[Collected data]
=====
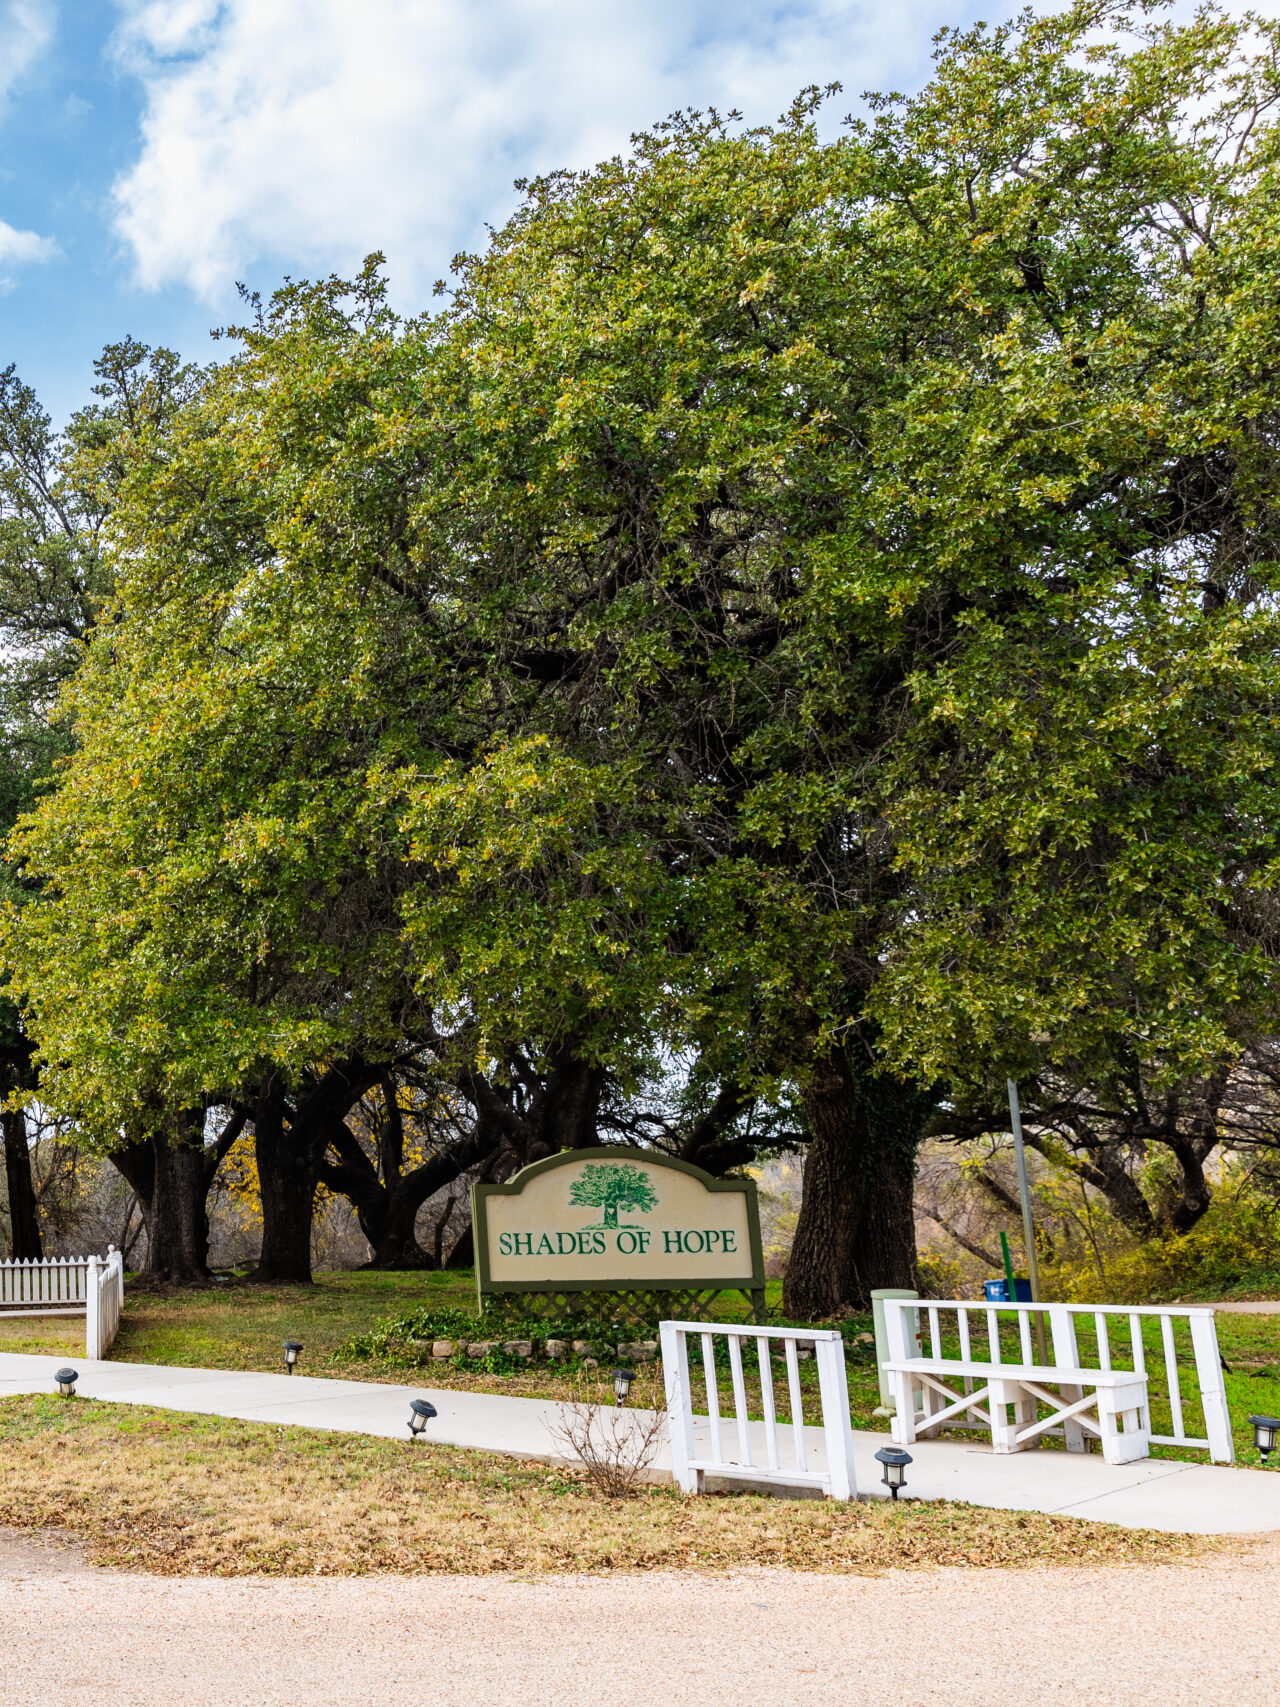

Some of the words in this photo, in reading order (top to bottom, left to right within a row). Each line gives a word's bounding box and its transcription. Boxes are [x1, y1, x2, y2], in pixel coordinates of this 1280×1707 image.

[499, 1231, 606, 1255] SHADES
[616, 1231, 651, 1254] OF
[662, 1230, 738, 1253] HOPE
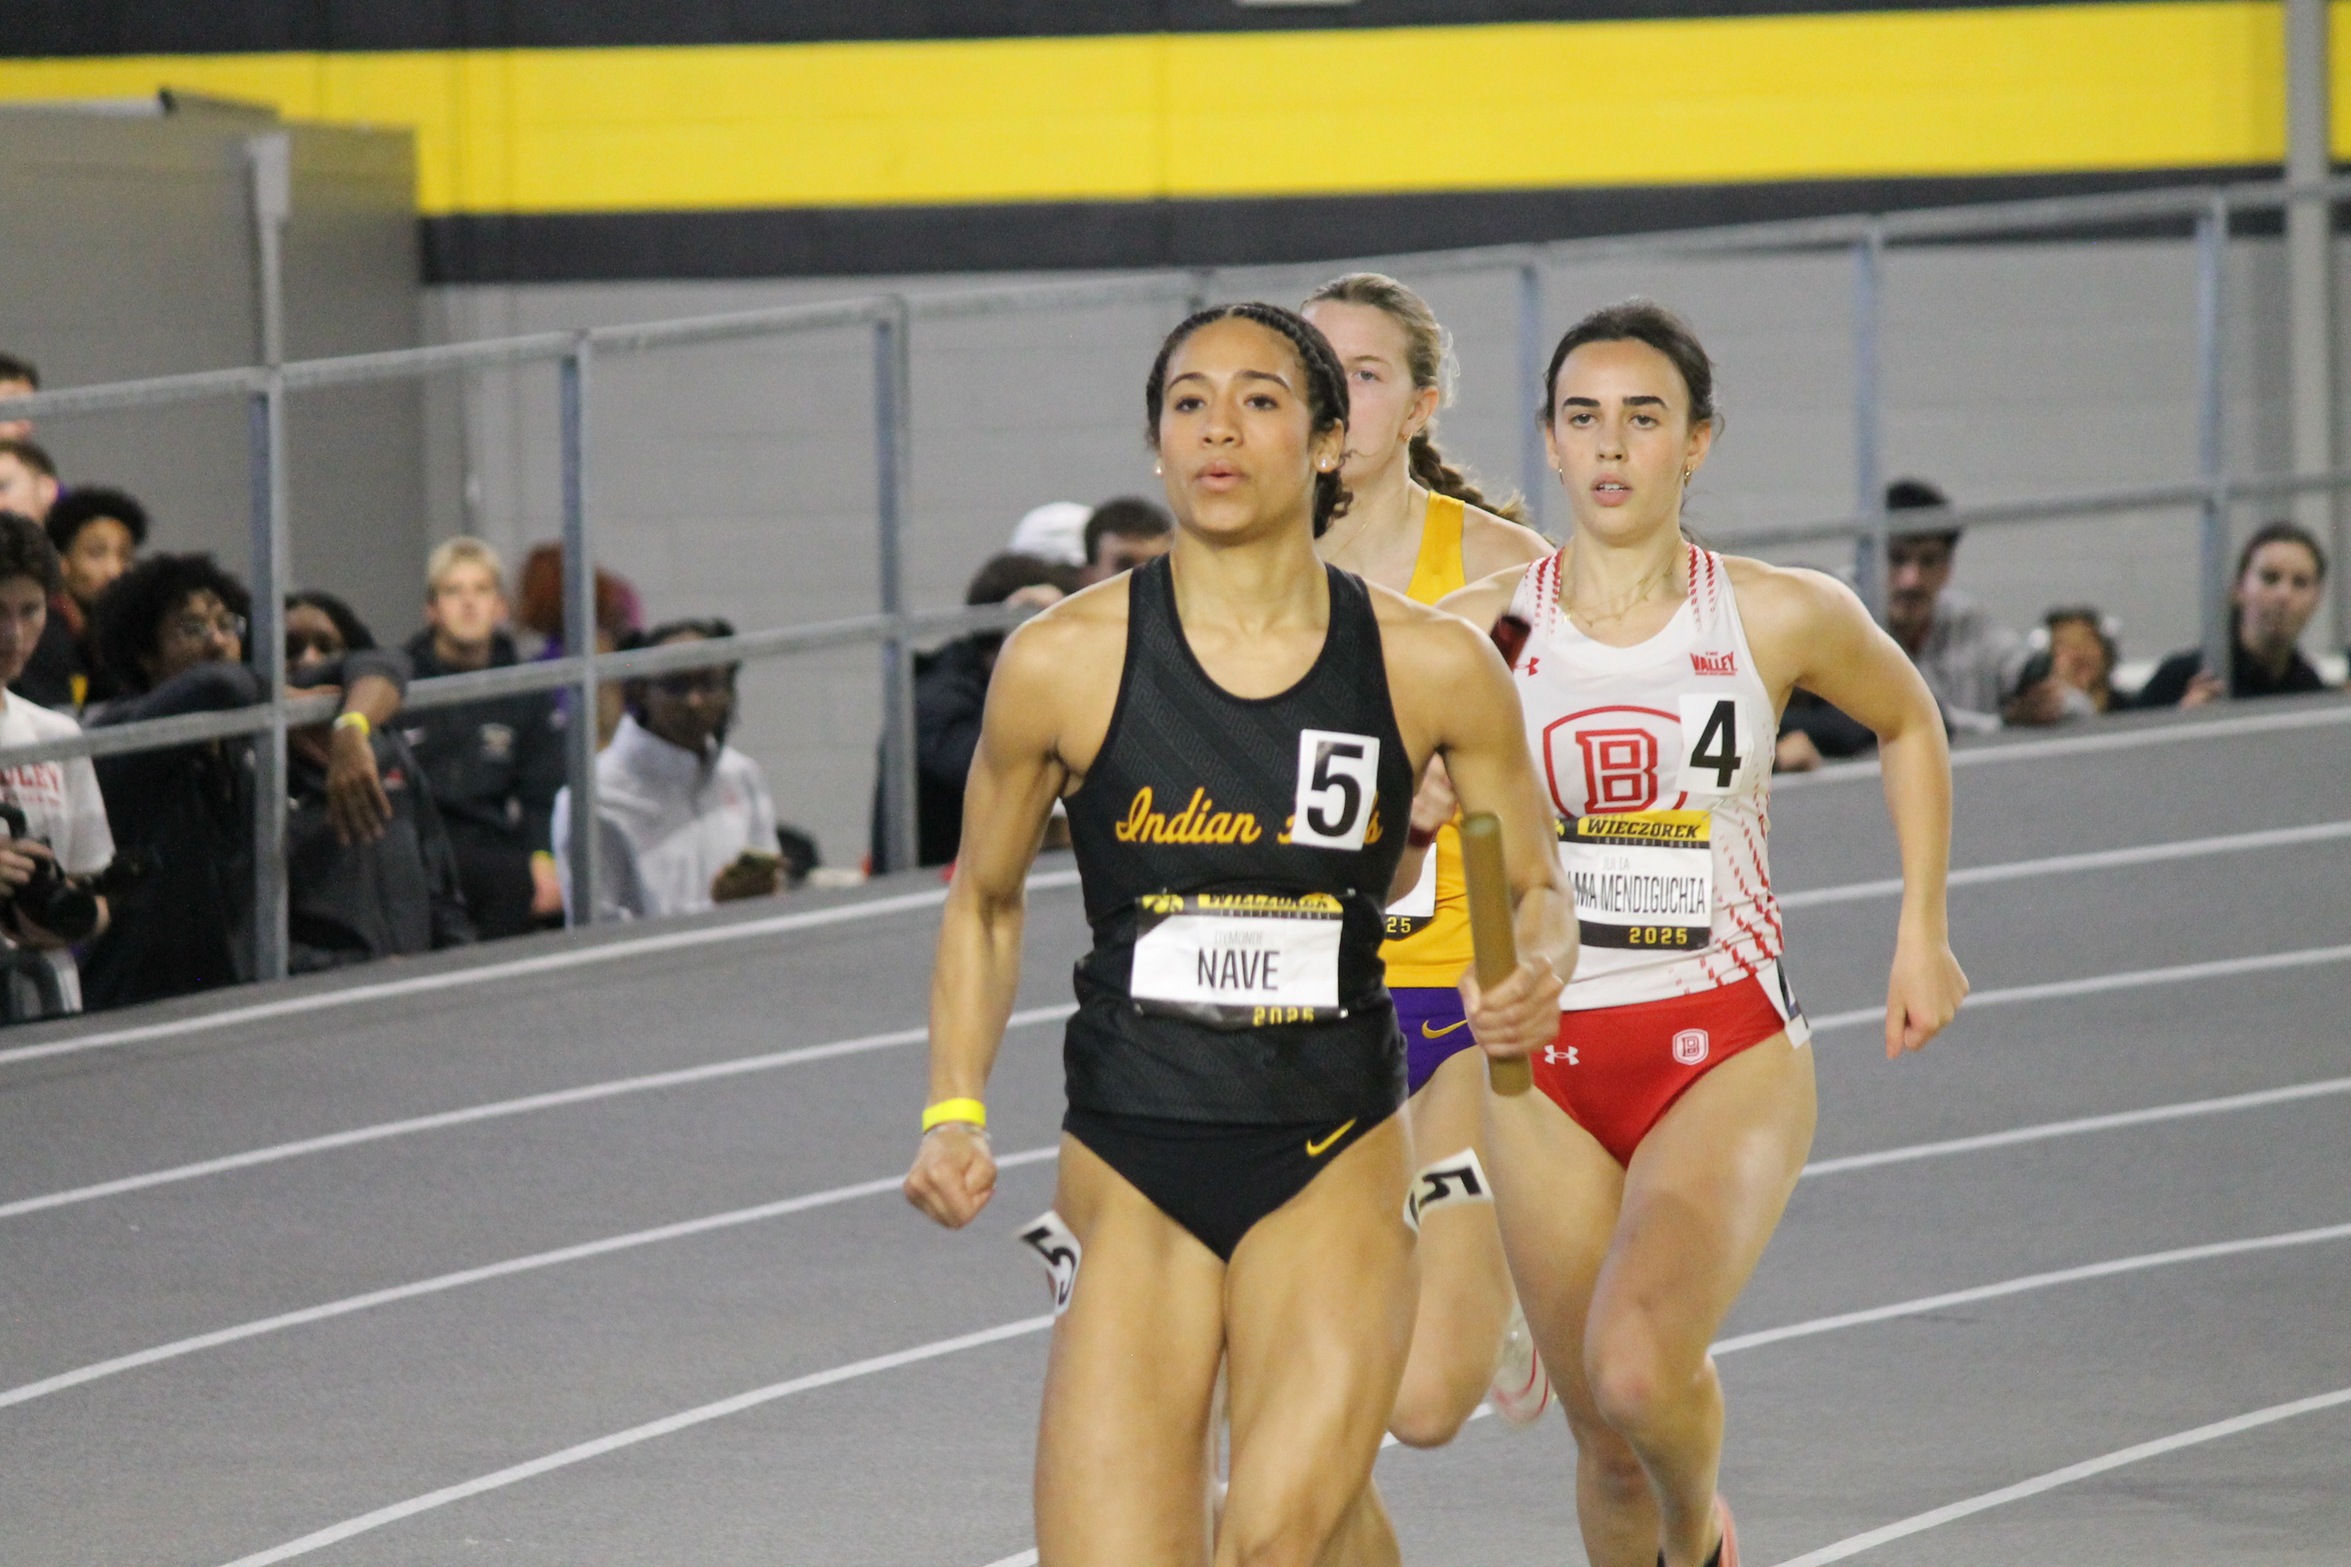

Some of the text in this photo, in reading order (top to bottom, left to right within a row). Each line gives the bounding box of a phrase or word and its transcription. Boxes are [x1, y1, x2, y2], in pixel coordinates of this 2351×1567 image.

[1690, 650, 1738, 671] VALLEY
[1689, 700, 1741, 788] 4
[1307, 740, 1364, 837] 5
[1115, 786, 1262, 844] Indian
[1587, 818, 1701, 839] WIECZOREK
[1601, 874, 1706, 915] MENDIGUCHIA
[1629, 927, 1688, 945] 2025
[1197, 948, 1280, 991] NAVE
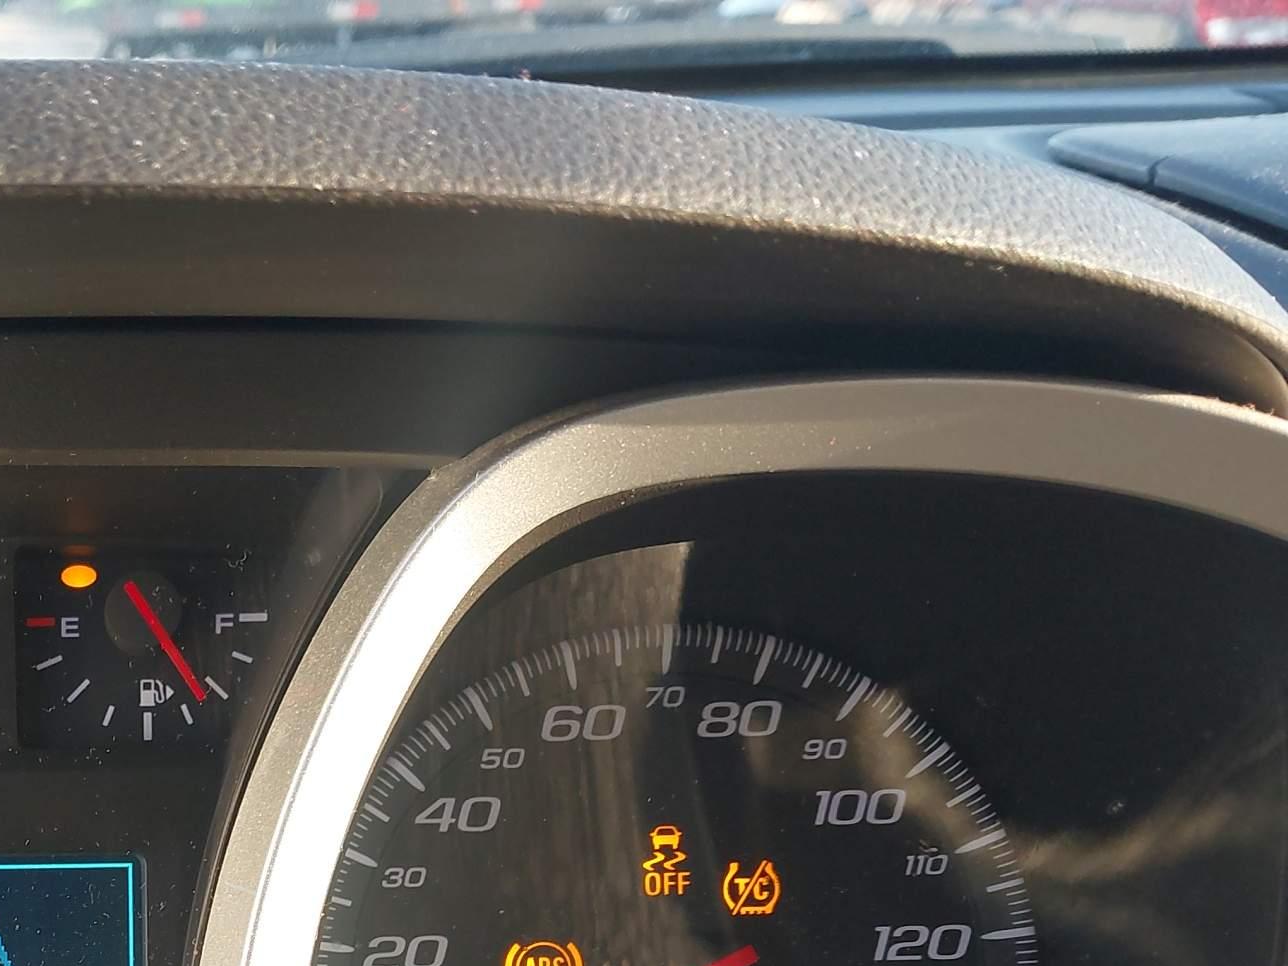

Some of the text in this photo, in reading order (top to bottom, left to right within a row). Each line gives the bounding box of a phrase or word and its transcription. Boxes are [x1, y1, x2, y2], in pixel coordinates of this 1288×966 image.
=====
*About this task*: Your copy must repeat the data word for word and show none of its images.

*Answer to this task*:
Some of the words in this photo, in reading order (top to bottom, left to right within a row). Each line gives a word's bounding box and its transcription. Boxes are [x1, y1, x2, y2], in pixel coordinates of this 1280×1707 image.

[499, 1231, 606, 1255] SHADES
[616, 1231, 651, 1254] OF
[662, 1230, 738, 1253] HOPE

Some of the text in this photo, in reading order (top to bottom, left to right within a row). Each line gives the bounding box of a phrase or word and its transcription. Boxes are [x1, y1, x2, y2], in pixel coordinates of this 2351×1567 image.

[1690, 650, 1738, 671] VALLEY
[1689, 700, 1741, 788] 4
[1307, 740, 1364, 837] 5
[1115, 786, 1262, 844] Indian
[1587, 818, 1701, 839] WIECZOREK
[1601, 874, 1706, 915] MENDIGUCHIA
[1629, 927, 1688, 945] 2025
[1197, 948, 1280, 991] NAVE

Some of the text in this photo, in reading order (top to bottom, left to right within a row). Each line gives the bounding box of a phrase or word and its transcription. Boxes are [x1, y1, x2, y2], in pixel coordinates of this 1288×966 image.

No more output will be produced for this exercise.